If humans review the URL before the next step, use workspace retention settings that fit that process.

Timing checklist

Use `expires_at` before every delayed branch.

The expiry field is most valuable when the workflow checks it before delayed work, not only when the upload succeeds.

01

Before retry

Compare the retry time with `expires_at`; re-upload instead of retrying a URL that may expire mid-fetch.

02

Before async handoff

For imports and publishing jobs, pass only URLs that survive the destination's later server-side fetch.

03

Before cleanup

If the destination has already fetched the file, call delete instead of waiting for expiry.

Errors

Lifecycle errors should be actionable.

A workflow builder should know whether to change the request, fix account limits, or retry later.

01

bad_request

The upload request is missing a required file field or has an invalid visibility value.

02

file_too_large

The file is larger than the current endpoint or account limit.

03

404 not_found

A later metadata or delivery check can report a file that is deleted, expired, missing, or not visible to the current key.

Examples

Copy the same upload shape into code

curl -X POST https://api.getfileurl.com/v1/files \
  -H 'Authorization: Bearer $GETFILEURL_KEY' \
  -F 'file=@invoice.pdf' \
  -F 'visibility=public'
FAQ

Common questions

How do I see when a file URL expires?

Read the `expires_at` field returned by upload. Store it with the file ID so retries and cleanup steps know the URL lifetime.

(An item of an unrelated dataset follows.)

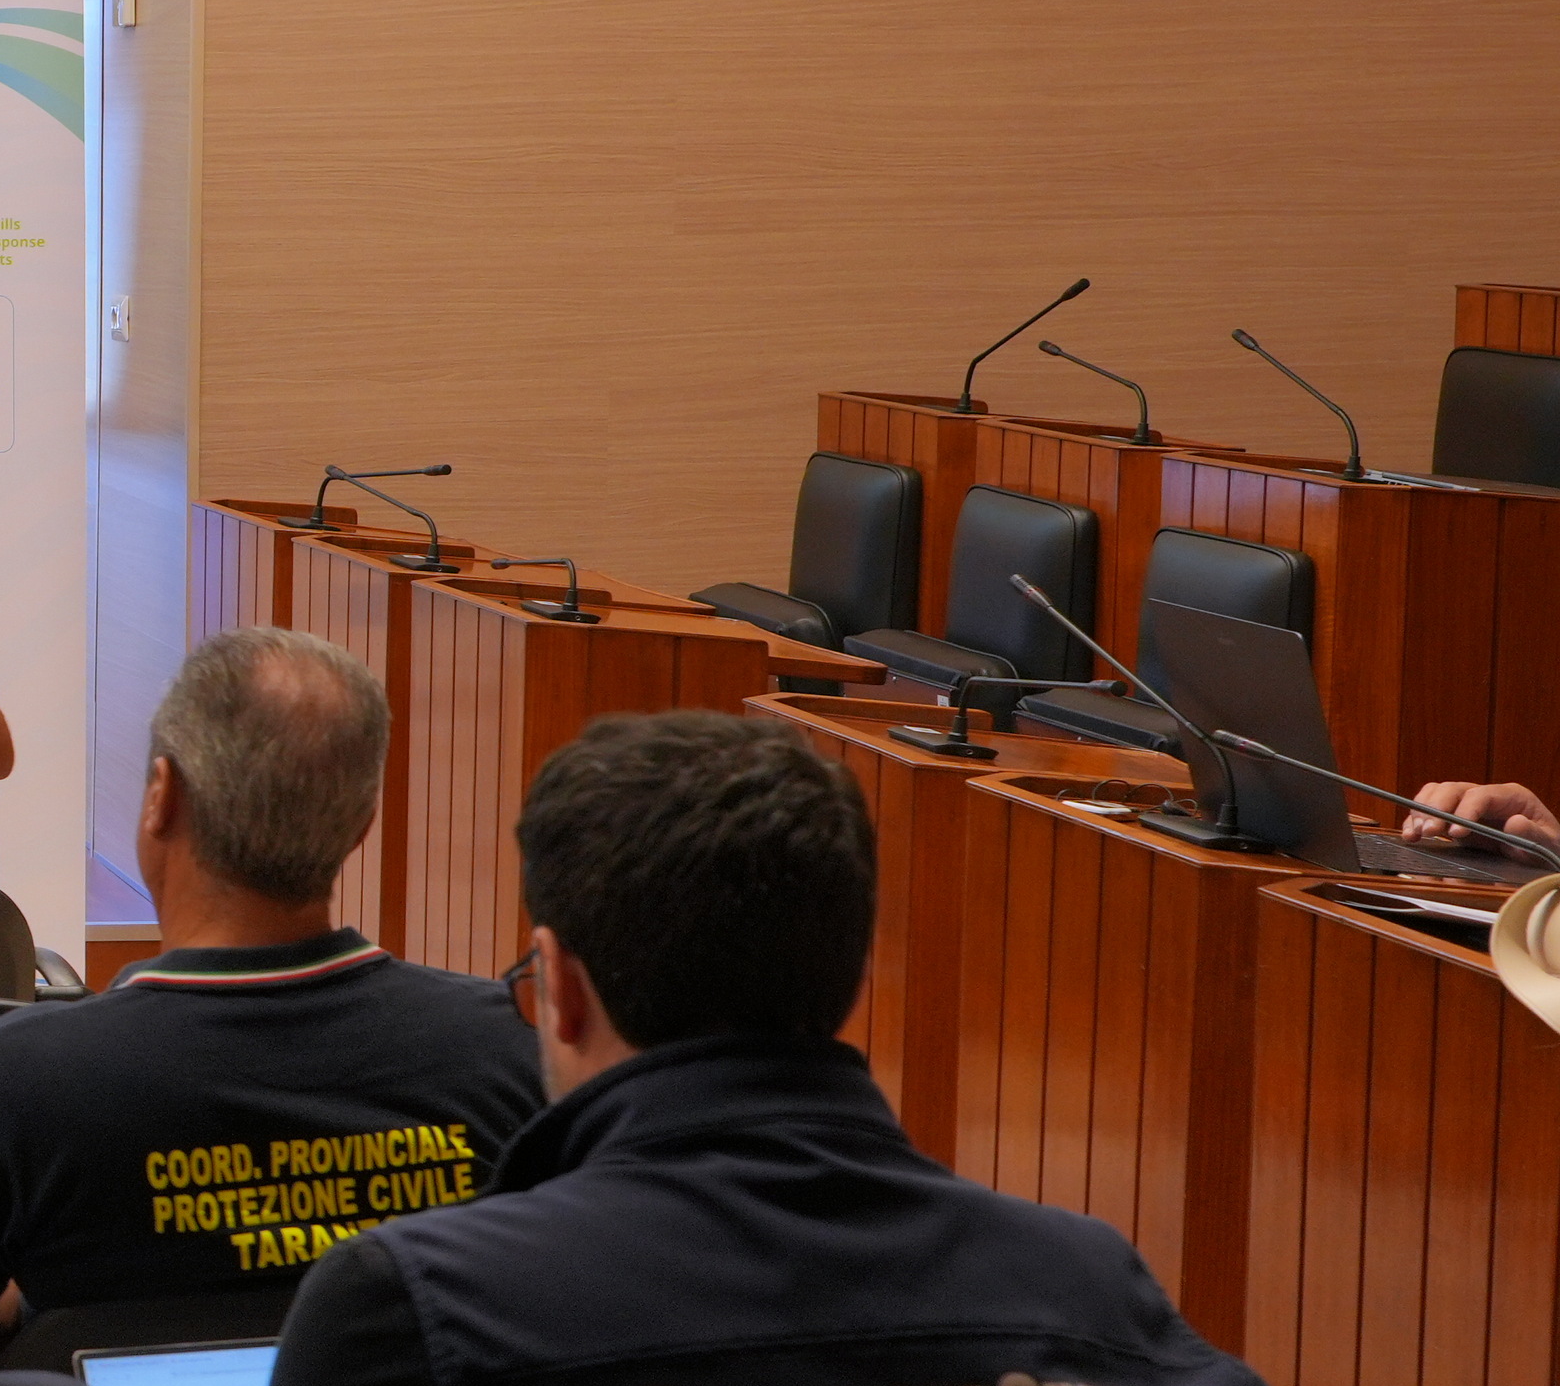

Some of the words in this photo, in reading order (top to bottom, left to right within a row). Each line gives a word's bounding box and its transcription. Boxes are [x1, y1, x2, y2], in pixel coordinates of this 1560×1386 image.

Can I set expiry in the upload request?

Not with the current public upload contract. Upload with `visibility=public`, then use the returned `expires_at` and workspace retention settings.

How should I use the expiry timestamp?

Use `expires_at` to decide whether delayed fetches, retries, or user review need a fresh upload before continuing.

Can I remove a URL before expiry?

Yes. Use the returned file ID with the delete endpoint to remove public access early.